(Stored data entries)
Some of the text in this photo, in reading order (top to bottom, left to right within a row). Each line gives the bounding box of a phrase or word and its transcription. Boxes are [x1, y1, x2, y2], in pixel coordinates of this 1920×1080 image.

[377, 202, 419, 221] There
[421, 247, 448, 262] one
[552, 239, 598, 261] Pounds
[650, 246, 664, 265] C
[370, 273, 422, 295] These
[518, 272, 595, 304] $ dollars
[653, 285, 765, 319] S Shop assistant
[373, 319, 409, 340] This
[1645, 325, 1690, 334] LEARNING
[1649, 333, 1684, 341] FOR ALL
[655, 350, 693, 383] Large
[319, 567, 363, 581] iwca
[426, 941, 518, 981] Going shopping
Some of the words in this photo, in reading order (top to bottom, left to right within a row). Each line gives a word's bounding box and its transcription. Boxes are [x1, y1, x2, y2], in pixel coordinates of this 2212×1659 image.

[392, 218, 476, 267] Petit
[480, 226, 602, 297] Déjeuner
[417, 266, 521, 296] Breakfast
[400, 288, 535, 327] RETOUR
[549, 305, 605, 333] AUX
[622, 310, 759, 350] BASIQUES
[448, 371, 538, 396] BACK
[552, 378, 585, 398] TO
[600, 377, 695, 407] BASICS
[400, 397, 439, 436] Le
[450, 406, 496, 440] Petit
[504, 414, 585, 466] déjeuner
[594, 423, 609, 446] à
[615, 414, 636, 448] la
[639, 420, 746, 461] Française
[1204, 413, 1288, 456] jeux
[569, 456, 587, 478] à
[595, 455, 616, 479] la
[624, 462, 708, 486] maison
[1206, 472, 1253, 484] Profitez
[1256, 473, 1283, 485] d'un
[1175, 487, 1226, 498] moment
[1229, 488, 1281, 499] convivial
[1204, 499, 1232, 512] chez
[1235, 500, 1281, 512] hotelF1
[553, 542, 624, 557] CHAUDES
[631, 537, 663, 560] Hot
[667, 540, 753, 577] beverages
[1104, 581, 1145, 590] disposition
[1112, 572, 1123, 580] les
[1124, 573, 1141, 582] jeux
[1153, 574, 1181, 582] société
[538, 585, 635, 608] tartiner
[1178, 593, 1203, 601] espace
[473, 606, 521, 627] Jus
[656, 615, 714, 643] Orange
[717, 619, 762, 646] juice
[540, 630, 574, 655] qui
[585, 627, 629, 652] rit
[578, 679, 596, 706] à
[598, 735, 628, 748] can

* [WHAT THE TASK REQUIRES]:
Repeat every entry exactly, please.

* [RESPONSE TO THIS EXERCISE]:
Some of the text in this photo, in reading order (top to bottom, left to right within a row). Each line gives the bounding box of a phrase or word and its transcription. Boxes are [x1, y1, x2, y2], in pixel coordinates of this 1920×1080 image.

[377, 202, 419, 221] There
[421, 247, 448, 262] one
[552, 239, 598, 261] Pounds
[650, 246, 664, 265] C
[370, 273, 422, 295] These
[518, 272, 595, 304] $ dollars
[653, 285, 765, 319] S Shop assistant
[373, 319, 409, 340] This
[1645, 325, 1690, 334] LEARNING
[1649, 333, 1684, 341] FOR ALL
[655, 350, 693, 383] Large
[319, 567, 363, 581] iwca
[426, 941, 518, 981] Going shopping
Some of the words in this photo, in reading order (top to bottom, left to right within a row). Each line gives a word's bounding box and its transcription. Boxes are [x1, y1, x2, y2], in pixel coordinates of this 2212×1659 image.

[392, 218, 476, 267] Petit
[480, 226, 602, 297] Déjeuner
[417, 266, 521, 296] Breakfast
[400, 288, 535, 327] RETOUR
[549, 305, 605, 333] AUX
[622, 310, 759, 350] BASIQUES
[448, 371, 538, 396] BACK
[552, 378, 585, 398] TO
[600, 377, 695, 407] BASICS
[400, 397, 439, 436] Le
[450, 406, 496, 440] Petit
[504, 414, 585, 466] déjeuner
[594, 423, 609, 446] à
[615, 414, 636, 448] la
[639, 420, 746, 461] Française
[1204, 413, 1288, 456] jeux
[569, 456, 587, 478] à
[595, 455, 616, 479] la
[624, 462, 708, 486] maison
[1206, 472, 1253, 484] Profitez
[1256, 473, 1283, 485] d'un
[1175, 487, 1226, 498] moment
[1229, 488, 1281, 499] convivial
[1204, 499, 1232, 512] chez
[1235, 500, 1281, 512] hotelF1
[553, 542, 624, 557] CHAUDES
[631, 537, 663, 560] Hot
[667, 540, 753, 577] beverages
[1104, 581, 1145, 590] disposition
[1112, 572, 1123, 580] les
[1124, 573, 1141, 582] jeux
[1153, 574, 1181, 582] société
[538, 585, 635, 608] tartiner
[1178, 593, 1203, 601] espace
[473, 606, 521, 627] Jus
[656, 615, 714, 643] Orange
[717, 619, 762, 646] juice
[540, 630, 574, 655] qui
[585, 627, 629, 652] rit
[578, 679, 596, 706] à
[598, 735, 628, 748] can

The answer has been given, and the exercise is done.